What Not to Do
On Valentine's Day, i thought it would be the best time to take advantage of a couple of recent comments to challenge our body image issues. Okay, this is coming from left field, but i feel the need to use my blog power here. Let me explain to you first what this blog means to me. It's a place for me to share my ideas around being a vegan, feminist, and crafty grrl. It's where i post recipes, ideas, social justice info, and also knitting/sewing/jewellry ideas. My blog gives me voice and does not silence me. This blog is about being connected to a community of like-minded people who are supportive and compassionate as well. Having said that, while my style is obviously not subtle, this blog is not a place where i seek out criticism and fashion advice. I do belong to an absolutely great Flickr group called Wardrobe Remix - a place to go to admire other 'regular/non-celebrity' women's fashion sense for their creative ideas and concoctions. It is also a place to all celebrate our bodies as they are, a safe place to go without judgement. And it's also a place where my partner gets to play photographer - something that he doesn't always love considering it may be 8am. Maybe it shows in the photos, but who cares?!

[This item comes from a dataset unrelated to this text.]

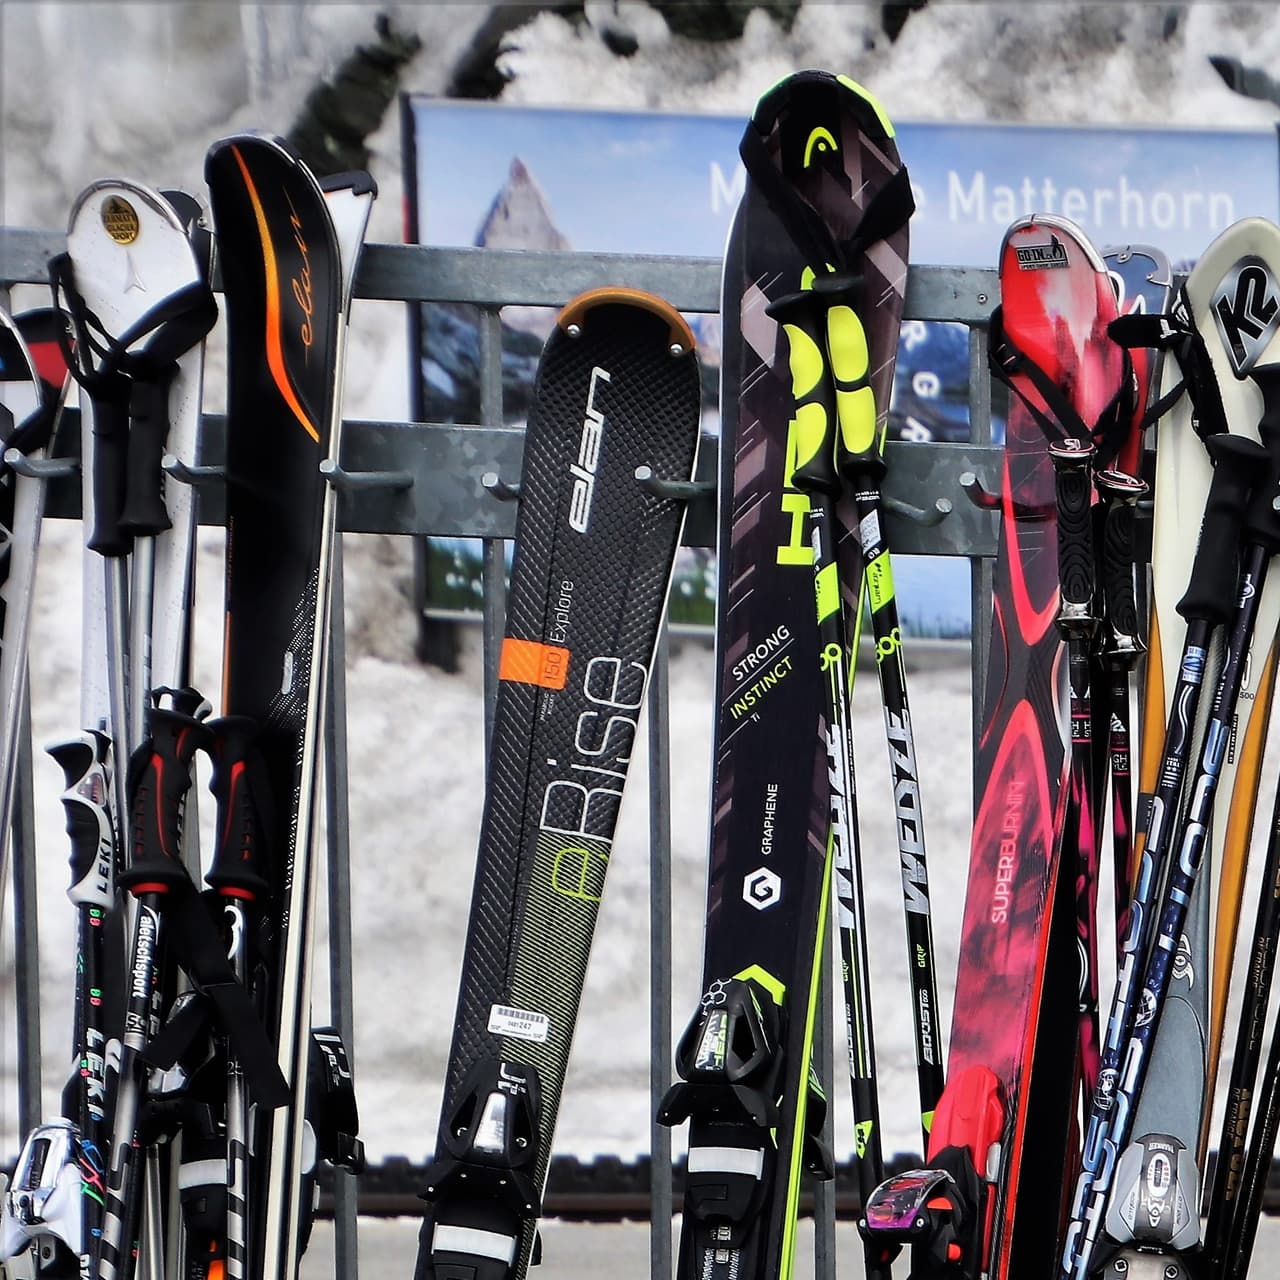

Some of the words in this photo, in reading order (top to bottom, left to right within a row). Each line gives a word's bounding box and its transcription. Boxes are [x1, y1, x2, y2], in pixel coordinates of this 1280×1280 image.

What Not to Wear is a great resource and 'reality TV' attempt to help people learn what their true style identities are. It's helpful to people who are in a rut and just need a couple of big hands of support to get out of that said rut. One of the scary things the guests must go through is a mirror where they face their worst looks. The hosts can be downright nasty - all in the name of ratings, i wonder? They probably don't have to be so harsh, but that's entertainment for you! Is this what allows us to act this way? Are we so naive to think 'reality TV' is really that real? The guests are chosen by friends and family to go on the show, but they choose to actually make that trip. This is where constructive feedback on the show is powerful - it's harsh but the recipients asked for it. One wonderful thing about the show is the $5000 they get to spend. Another is the support Stacy and Clinton (the hosts) give them. They highlight the guest's good stuff and provide guidance around how to 'hide flaws.' I am a feminist who loves her body and also believes we are all different in shape, size, and colour and we should celebrate that difference. It is not always that easy, though. It is when we receive comments (especially by other women) that are destructive, not asked for, and mean-spirited that we begin to feel like we have to fit into a 'norm.' There is no such thing.

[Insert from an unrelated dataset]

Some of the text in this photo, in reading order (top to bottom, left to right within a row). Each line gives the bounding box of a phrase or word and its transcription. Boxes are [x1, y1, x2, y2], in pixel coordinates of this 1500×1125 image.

I love what i wear because it's individual, celebrates vintage and second hand, is never by big names like The Gap that support slave labour, is colourful, and is also by local small designers. I usually wear make-up, but not always. I also don't have the need to wear tight fitting clothes and i do feel comfortable in every outfit i wear. What makes me sad is when other women get trapped in thinking we have to all look the same to be attractive. Who says i need to wear clothes simply to show off my figure? So what if a blouse doesn't have structure. I know i am sexy underneath. And i may look pregnant (maybe i am) but isn't it quite rude to get a comment that tells me i do? I should hope we have a better sense than to put down someone we don't know: Own your own stuff. Body image is something i take deeply, and is in fact the work i do. I speak for us all when i say 'celebrate yourself.' Not everyone feels comfortable to do wear what we want to. I'm just lucky that i do.

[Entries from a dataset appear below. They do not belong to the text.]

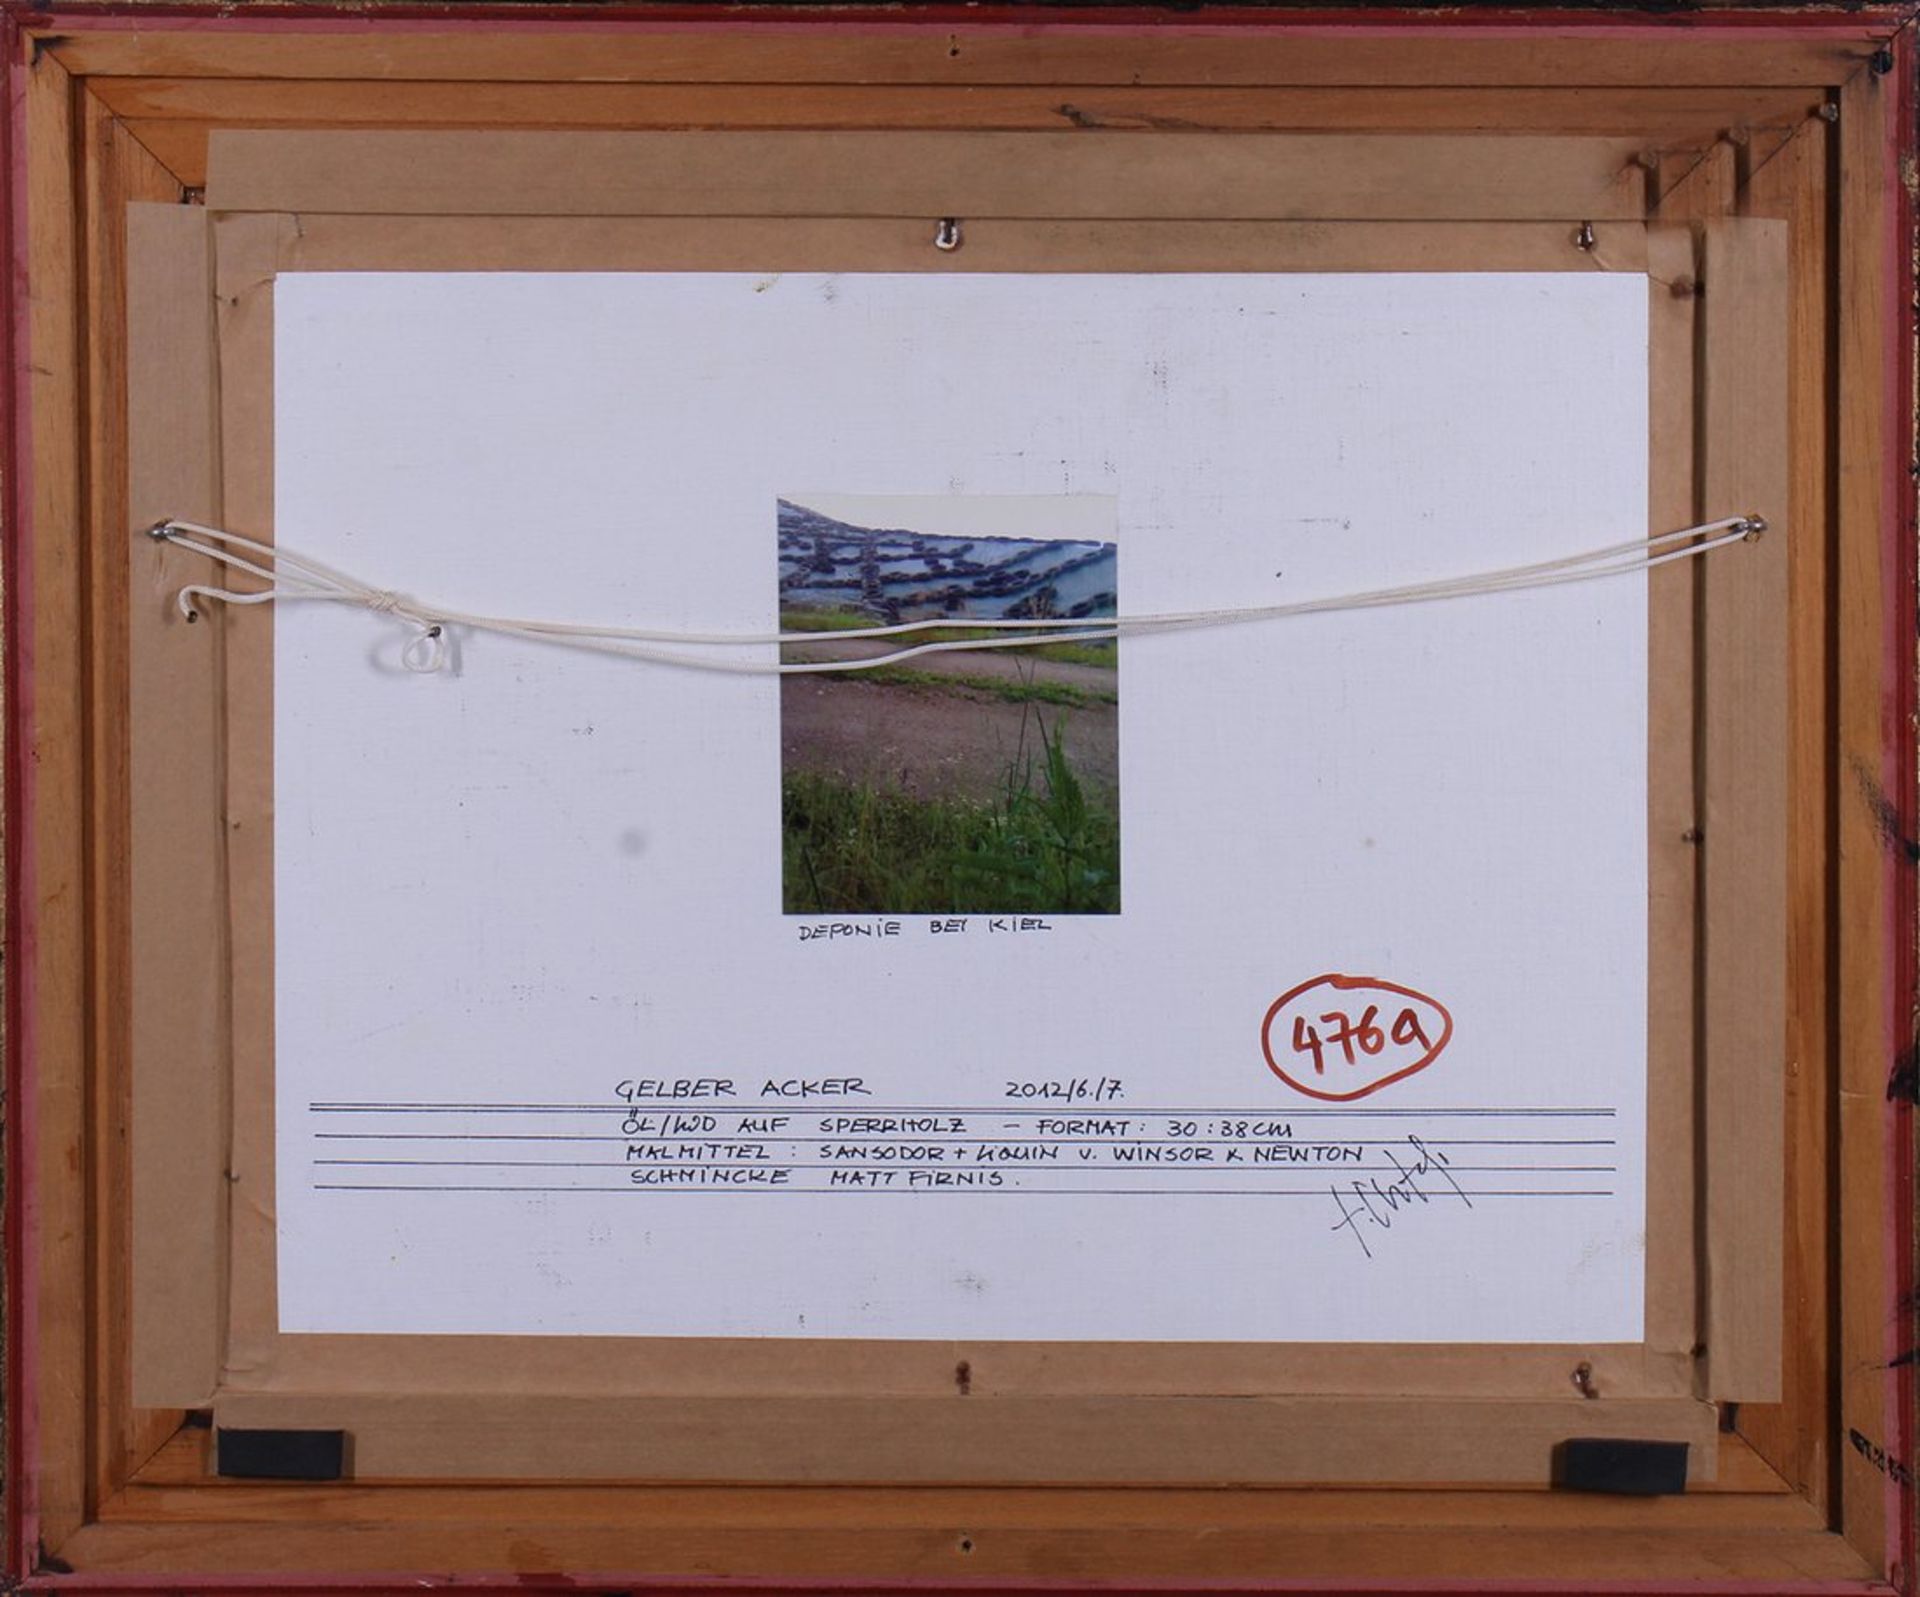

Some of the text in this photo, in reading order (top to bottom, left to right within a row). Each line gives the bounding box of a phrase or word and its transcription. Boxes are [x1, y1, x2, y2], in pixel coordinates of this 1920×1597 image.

[614, 1077, 872, 1103] GELBER ACKER
[736, 1116, 790, 1134] AUF
[819, 1117, 968, 1134] SPERRHOLZ
[819, 1144, 945, 1161] SANSODOR
[1253, 1145, 1364, 1163] NEWTON
[829, 1169, 898, 1187] MATT

As a side note, here in Canada, we just finished the National Eating Disorders Awareness Week, a powerful educational outreach to help people who have body images as well as others who believe we all should look the same. Februay 26 - March 4 is the American eating disorder awareness week. And, it's no wonder we need them when it's so easy to be critical of each other. Celebrate your body that week! Wear what you want and how you like it! Say Fuck you! to societal pressures to conform! Feedback is only constructive and useful when we want it and it's safe for us to hear. So, thank you to the anonymous comments that were meant to offend and be hurtful, they infact gave me an outlet to chat about our battle with body image and society's pressures on us!